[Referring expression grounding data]
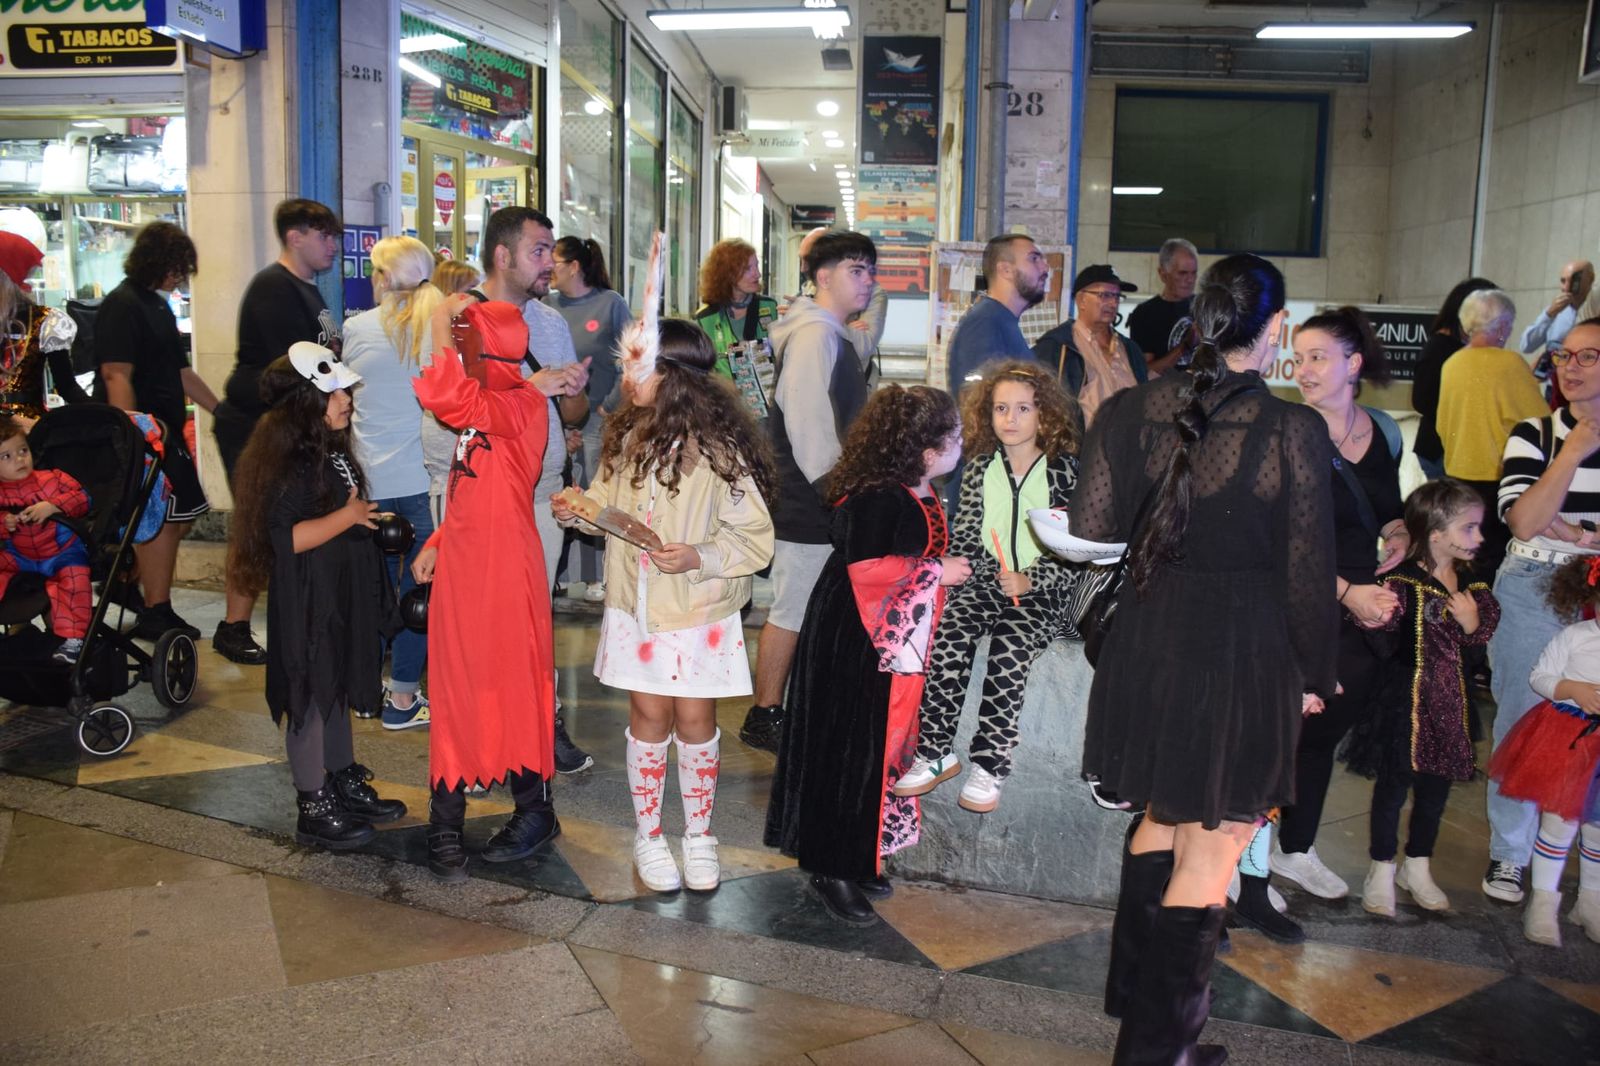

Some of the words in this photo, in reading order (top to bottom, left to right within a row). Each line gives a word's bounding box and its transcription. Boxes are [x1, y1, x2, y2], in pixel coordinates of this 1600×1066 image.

[177, 5, 205, 27] Estado
[60, 28, 153, 47] TABACOS
[74, 56, 93, 64] EXP.
[470, 74, 500, 94] REAL
[457, 88, 493, 109] TABACOS
[1007, 91, 1044, 117] 28
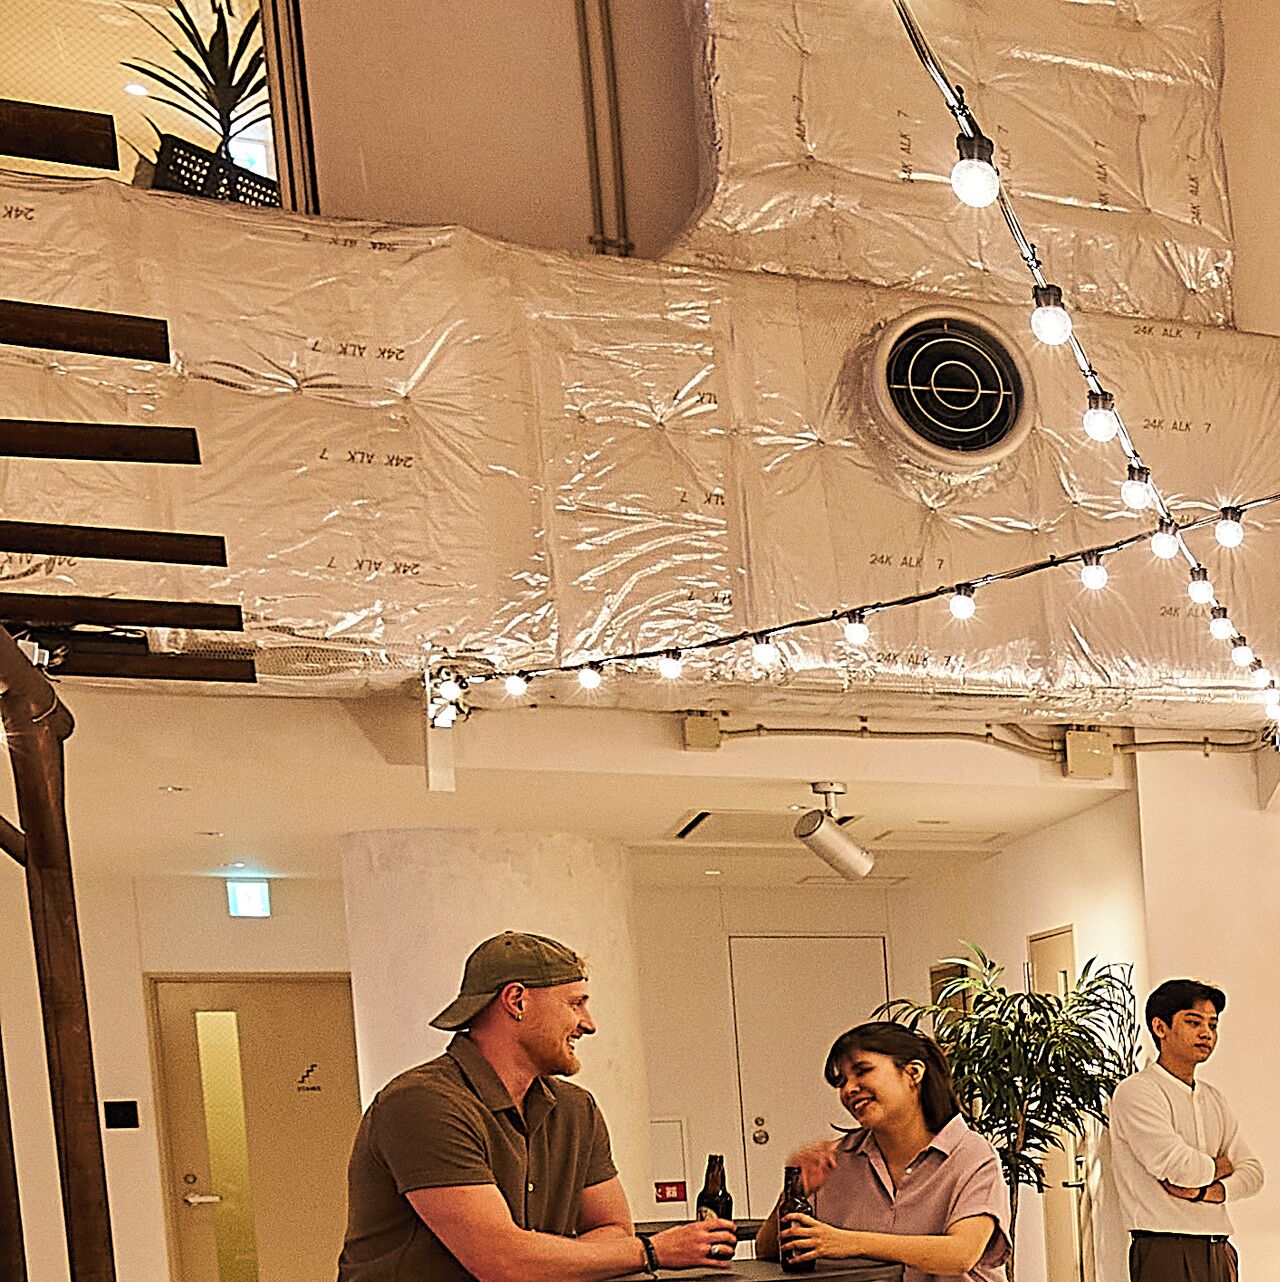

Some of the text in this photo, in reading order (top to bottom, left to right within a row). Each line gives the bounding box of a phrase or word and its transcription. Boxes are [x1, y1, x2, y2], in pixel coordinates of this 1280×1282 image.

[899, 130, 911, 155] ALK
[1187, 154, 1197, 162] 7
[1096, 161, 1107, 184] ALK
[1189, 174, 1200, 196] ALK
[3, 205, 35, 221] 24K
[1134, 325, 1202, 340] 24K ALK 7
[311, 340, 405, 361] 24K ALK 7
[1143, 419, 1212, 433] 24K ALK 7
[319, 447, 414, 468] 24K ALK 7
[680, 491, 688, 503] 7
[327, 556, 421, 575] 24K ALK 7
[869, 553, 944, 570] 24K ALK 7
[1160, 606, 1181, 617] 24K
[876, 652, 900, 665] 24K
[908, 653, 930, 666] ALK
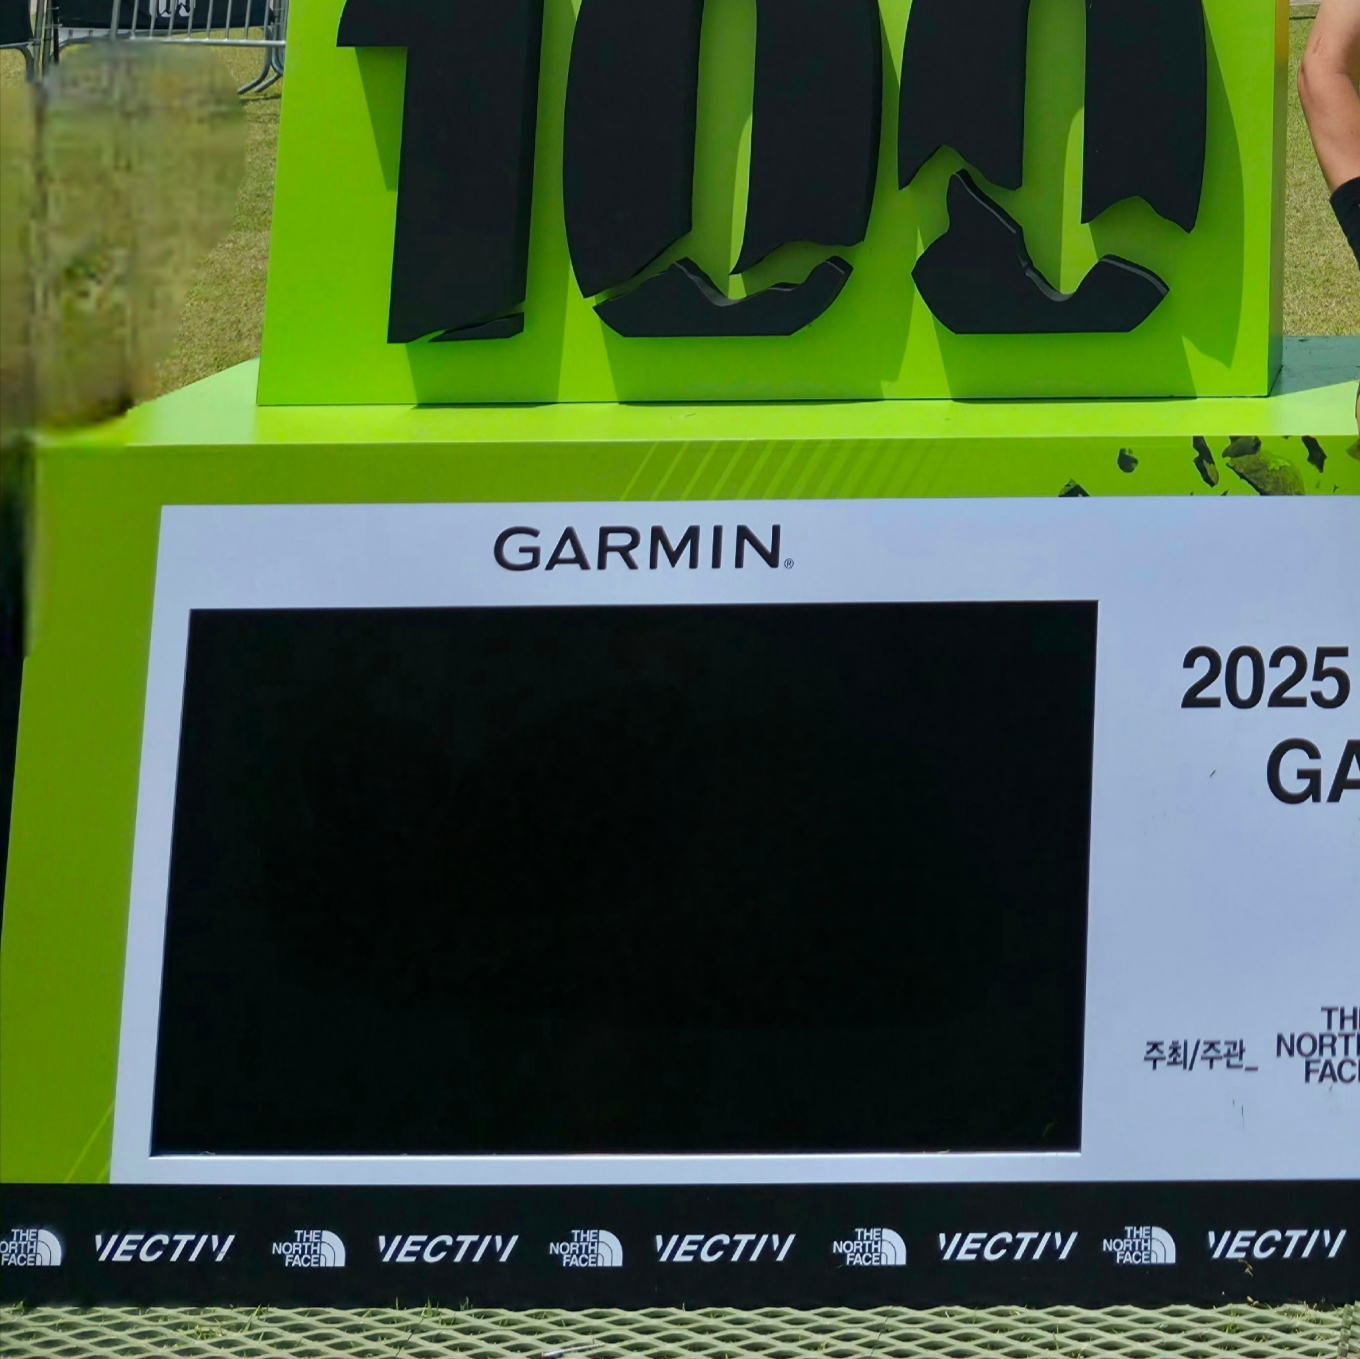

About this task: Give back every record above word for word, dropping pictures.

Written solution:
Some of the words in this photo, in reading order (top to bottom, left to right within a row). Each line gives a word's bounding box and its transcription. Boxes are [x1, y1, x2, y2], in pixel coordinates of this 1600×1066 image.

[177, 5, 205, 27] Estado
[60, 28, 153, 47] TABACOS
[74, 56, 93, 64] EXP.
[470, 74, 500, 94] REAL
[457, 88, 493, 109] TABACOS
[1007, 91, 1044, 117] 28

Some of the text in this photo, in reading order (top to bottom, left to right within a row). Each line gives the bounding box of a phrase or word and its transcription. Boxes are [x1, y1, x2, y2], in pixel coordinates of this 1280×1282 image.

[899, 130, 911, 155] ALK
[1187, 154, 1197, 162] 7
[1096, 161, 1107, 184] ALK
[1189, 174, 1200, 196] ALK
[3, 205, 35, 221] 24K
[1134, 325, 1202, 340] 24K ALK 7
[311, 340, 405, 361] 24K ALK 7
[1143, 419, 1212, 433] 24K ALK 7
[319, 447, 414, 468] 24K ALK 7
[680, 491, 688, 503] 7
[327, 556, 421, 575] 24K ALK 7
[869, 553, 944, 570] 24K ALK 7
[1160, 606, 1181, 617] 24K
[876, 652, 900, 665] 24K
[908, 653, 930, 666] ALK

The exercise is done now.